Los transexuales que integren las fuerzas policiales y de seguridad federales de Argentina tienen derecho a ser reconocidos por sus pares, vestir uniformes y utilizar instalaciones de acuerdo a la identidad de género adoptada u autopercibida.

Así lo dispuso el ministerio de Seguridad en una resolución difundida el miércoles, el mismo día que el Congreso dio media sanción al proyecto de ley de identidad de género, por el cual toda persona podrá solicitar al registro nacional de la personas rectificar el sexo, imagen y nombre de pila con el que fue inscrito al nacer si éstos no coinciden con la identidad de género autopercibida.

Una resolución de la ministra de Seguridad Nilda Garré dispuso que los miembros de la Policía Federal, Gendarmería Nacional, Prefectura Naval y Policía de Seguridad Aeroportuaria deberán ser reconocidos por la identidad de género adecuada a su percepción, la cual puede corresponder o no con el sexo biológico.

El personal de las fuerzas deberán dirigirse a los oficiales transexuales por el género y nombre de pila adoptados, independientemente de que se hayan sometido o no una cirugía de cambio de sexo o tratamiento hormonal.

Los transexuales podrán utilizar el uniforme que se corresponda con la identidad adoptada, así como también el uso de instalaciones diferenciadas por sexo.

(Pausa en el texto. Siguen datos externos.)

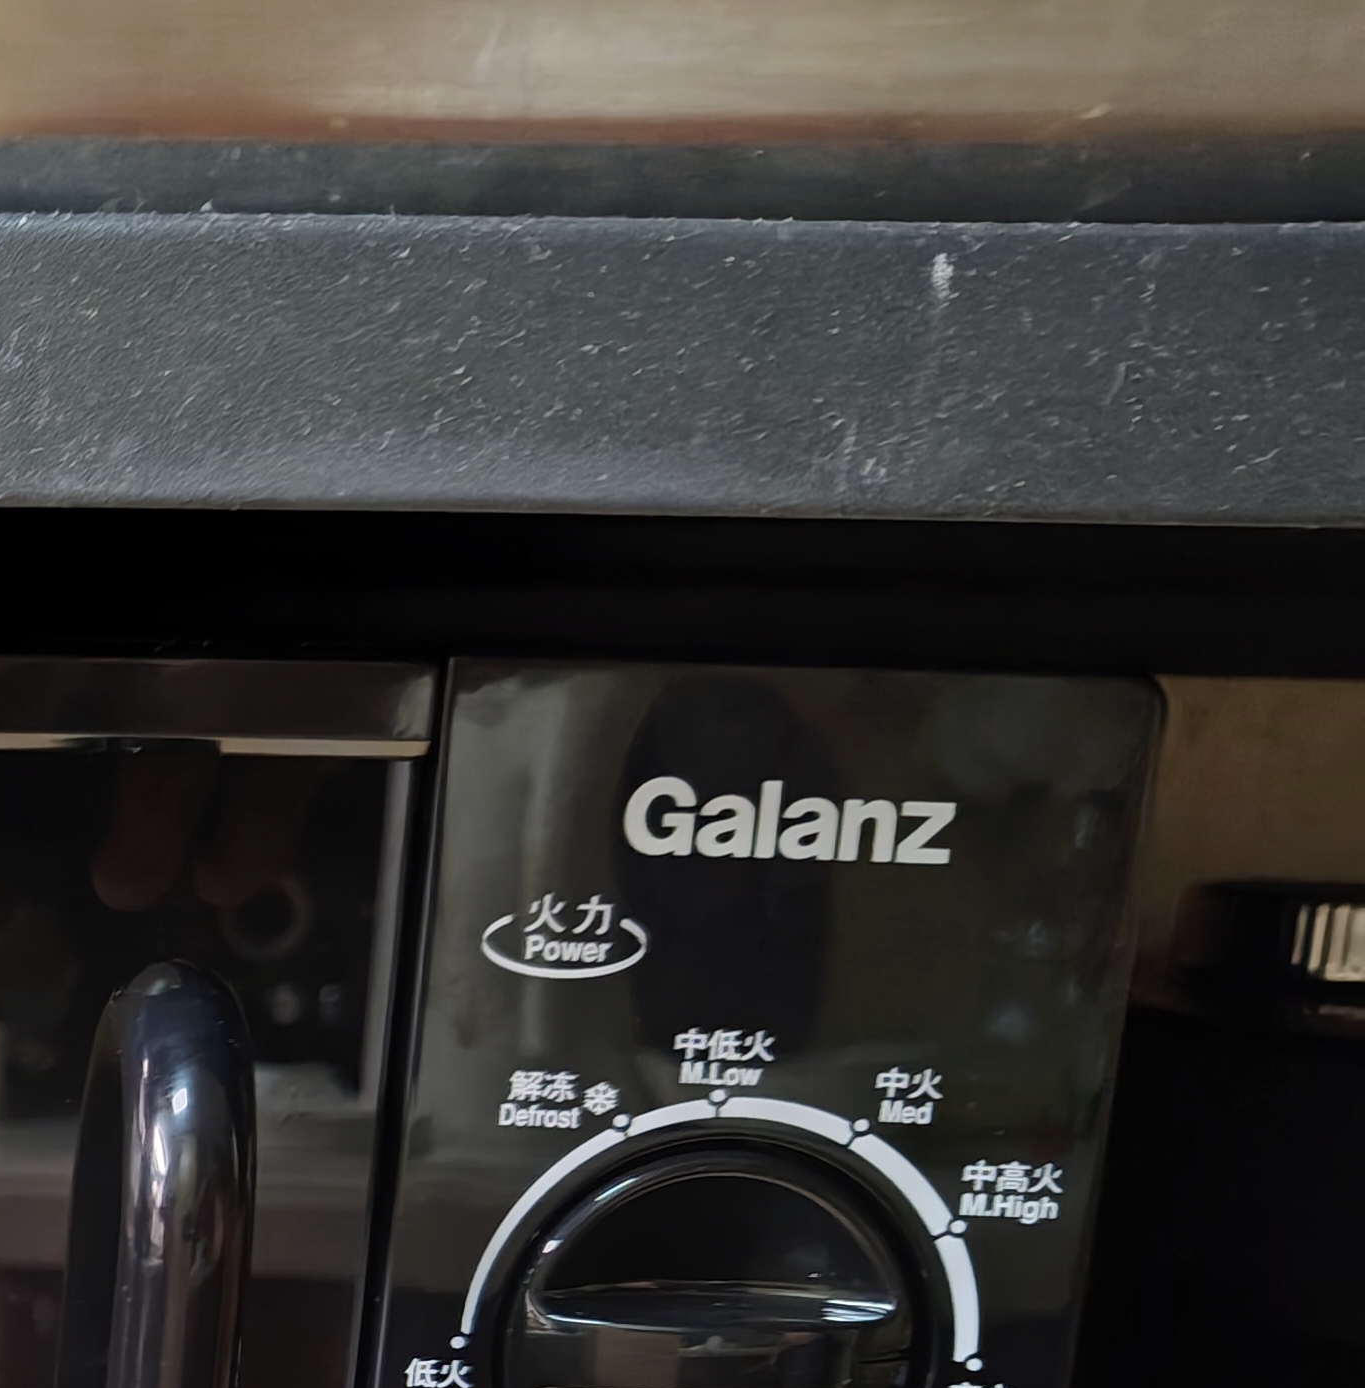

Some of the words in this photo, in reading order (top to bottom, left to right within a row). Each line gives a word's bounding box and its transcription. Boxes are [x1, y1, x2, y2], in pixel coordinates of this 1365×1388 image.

[624, 776, 957, 865] Galanz
[525, 893, 613, 935] 火力
[524, 936, 610, 963] Power
[673, 1028, 775, 1062] 中低火
[508, 1070, 577, 1103] 解冻
[679, 1062, 762, 1087] M.Low
[875, 1068, 943, 1101] 中火
[498, 1104, 581, 1130] Defrost
[878, 1100, 933, 1126] Med
[961, 1161, 1063, 1193] 中高火
[960, 1193, 1059, 1222] M.High

La misma resolución también incluye directivas para el trato de transexuales ajenos a las fuerzas de seguridad, en particular en el caso de arrestos.

Las personas detenidas deberán ser tratadas y alojadas en celdas de acuerdo con la identidad de género adoptada.

Argentina es precursor en América Latina en el reconocimiento de derechos de lesbianas, gays, y transexuales.

En 2010 fue el primer país latinoamericano en legalizar el matrimonio entre personas del mismo sexo. Un año después, la Cámara de Diputados aprobó, por 167 votos a favor y 17 en contra, una iniciativa que reconoce el cambio de identidad de los transexuales.

En la actualidad, una persona transexual debe solicitar a la justicia autorización para rectificar su identidad ante el registro nacional de las personas. Si el proyecto también prospera en el Senado, los transexuales podrán tramitar un documento de identidad con el nombre de pila y fotografía de acuerdo con su identidad de género.

En ningún caso será requisito acreditar intervención quirúrgica ni terapias hormonales u otro tratamiento psicológico o médico.